May 2020

The MyotonPRO: a reliable and valid tool for quantifying the viscoelastic properties of a trigger point on the infraspinatus in non-traumatic chronic shoulder pain

Authors: Melanie Roch, Melanie Morin, Nathaly Gaudreault

Author information: Universite de Sherbrooke, Faculte de medecine et des sciences de la sante, Ecole de Readaptation, Centre de recherche du Centre hospitalier universitaire de Sherbrooke, 3001, 12e Avenue Nord, Sherbrooke, Quebec, Canada

Journal: Journal of Bodywork and Movement Therapies - May 2020, In Press, Journal Pre-proof (DOI: 10.1016/j.jbmt.2020.05.002)

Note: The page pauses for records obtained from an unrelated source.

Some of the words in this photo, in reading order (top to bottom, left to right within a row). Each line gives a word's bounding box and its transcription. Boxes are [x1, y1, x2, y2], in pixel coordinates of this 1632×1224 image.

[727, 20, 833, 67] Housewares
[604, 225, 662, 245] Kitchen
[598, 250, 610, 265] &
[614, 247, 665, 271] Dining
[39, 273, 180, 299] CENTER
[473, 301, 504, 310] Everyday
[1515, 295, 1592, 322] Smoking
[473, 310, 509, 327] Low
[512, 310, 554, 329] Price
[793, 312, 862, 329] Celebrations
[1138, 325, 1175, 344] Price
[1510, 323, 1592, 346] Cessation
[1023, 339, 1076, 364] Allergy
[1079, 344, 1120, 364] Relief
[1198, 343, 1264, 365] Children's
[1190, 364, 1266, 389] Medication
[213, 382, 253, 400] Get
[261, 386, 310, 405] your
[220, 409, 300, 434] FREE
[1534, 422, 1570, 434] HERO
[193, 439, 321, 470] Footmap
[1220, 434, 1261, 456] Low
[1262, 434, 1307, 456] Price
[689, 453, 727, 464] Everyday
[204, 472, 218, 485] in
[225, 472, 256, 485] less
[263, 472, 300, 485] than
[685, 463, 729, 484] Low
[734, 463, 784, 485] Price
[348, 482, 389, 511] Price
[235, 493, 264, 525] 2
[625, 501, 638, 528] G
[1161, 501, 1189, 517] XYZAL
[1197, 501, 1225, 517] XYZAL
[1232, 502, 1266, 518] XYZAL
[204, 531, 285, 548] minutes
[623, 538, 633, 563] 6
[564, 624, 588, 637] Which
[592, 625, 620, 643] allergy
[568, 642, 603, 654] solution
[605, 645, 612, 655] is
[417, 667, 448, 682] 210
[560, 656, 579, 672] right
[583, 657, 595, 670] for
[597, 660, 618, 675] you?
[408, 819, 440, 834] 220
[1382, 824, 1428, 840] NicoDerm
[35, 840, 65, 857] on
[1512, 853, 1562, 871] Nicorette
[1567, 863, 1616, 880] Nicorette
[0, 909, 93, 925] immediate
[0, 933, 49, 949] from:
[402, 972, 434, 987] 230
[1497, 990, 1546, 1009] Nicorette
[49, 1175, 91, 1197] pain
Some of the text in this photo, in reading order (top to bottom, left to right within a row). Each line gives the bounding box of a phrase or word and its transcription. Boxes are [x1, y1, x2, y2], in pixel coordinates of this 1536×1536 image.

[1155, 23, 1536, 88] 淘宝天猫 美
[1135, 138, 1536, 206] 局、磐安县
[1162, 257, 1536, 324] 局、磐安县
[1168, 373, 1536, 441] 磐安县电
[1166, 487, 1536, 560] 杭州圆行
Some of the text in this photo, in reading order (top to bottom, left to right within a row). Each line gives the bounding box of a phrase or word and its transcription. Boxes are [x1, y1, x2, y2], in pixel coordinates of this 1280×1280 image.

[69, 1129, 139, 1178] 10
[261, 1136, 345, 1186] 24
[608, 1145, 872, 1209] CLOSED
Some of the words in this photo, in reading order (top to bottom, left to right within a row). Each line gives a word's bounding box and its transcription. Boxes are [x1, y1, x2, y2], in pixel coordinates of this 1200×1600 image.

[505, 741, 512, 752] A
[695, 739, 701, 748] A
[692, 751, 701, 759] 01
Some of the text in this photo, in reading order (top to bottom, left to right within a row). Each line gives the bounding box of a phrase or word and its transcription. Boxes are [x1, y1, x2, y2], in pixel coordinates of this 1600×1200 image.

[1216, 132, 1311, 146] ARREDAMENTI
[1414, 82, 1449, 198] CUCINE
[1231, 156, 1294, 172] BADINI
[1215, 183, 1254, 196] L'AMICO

  • There are currently no validated tools available in clinical practice to objectively measure a trigger point.
  • The MyotonPRO (Myoton AS, Tallinn, Estonia) is a portable hand-held myotonometer, it is non-invasive and provides a quantitative assessment of a muscle’s viscoelastic properties (stiffness, elasticity and tone).
  • The metrological properties of the MyotonPRO device for measuring the viscoelasticity of a localized area corresponding to a trigger point have so far never been studied.
  • The MyotonPRO device was able to measure a statistically significative difference (p<0.05) between a trigger point and an non-trigger point for all viscoelastic parameters (stiffness, elasticity and tone).
  • The measurements also showed excellent intra- and inter-evaluator reliability for the viscoelastic properties of a TP and good to excellent test-retest reliability.


Introduction: Clinicians rely on palpation for locating and diagnosing trigger points in muscles. Measuring a trigger point with clinical palpation remains a challenge. There are currently no validated tools available in clinical practice to objectively measure a trigger point.

Method: The presence of a trigger point within the infraspinatus muscle was identified on thirty-five individuals with non-traumatic chronic shoulder pain via palpation according to Travell and Simons criteria. Trigger and non-trigger points were marked within the same muscle and the viscoelastic properties of both points were independently measured twice with the MyotonPRO by two evaluators on two days.

Results: Significant differences were observed when the trigger and non-trigger point (discriminant validity) were compared. The trigger points showed greater tone and stiffness compared to the non-trigger points (tone: 15.30±1.99 Hz vs 13.57±1.76 Hz; stiffness: 270.20±46.96 N/m vs 227.86±43.44 N/m; p<0.05) and less elasticity (decrement of 1.13±0.21 vs 1.06±0.27; p<0.05).

The reliability of the three viscoelastic properties was found to be excellent for intra- and inter-evaluator reliability (ICC: 0.925-0.984 and 0.918-0.972, respectively) and good to excellent for test-retest reliability (between days) (ICC: 0.770-0.875).

Conclusion: The MyotonPRO can differentiate the viscoelastic properties of a trigger point from a non-trigger point. Our findings support the reliability of this myotonometer. This affordable and portable tool can be used to objectively measure viscoelastic properties of trigger points in the infraspinatus.

The MyotonPRO can discriminate the viscoelastic properties of a TP from an NTP located in the infraspinatus of individuals presenting with chronic, non-traumatic shoulder pain. The MyotonPRO is a reliable, affordable and portable tool that can objectively measure these properties in a clinical setting or for research purposes. This is an important breakthrough in the evaluation and treatment of musculoskeletal conditions associated with the presence of TPs, because as evidenced by Shah (2015), theories surrounding the pathogenesis, pathophysiology, and contribution of TPs in the diagnosis of myofascial pain syndrome have so far been mainly speculative.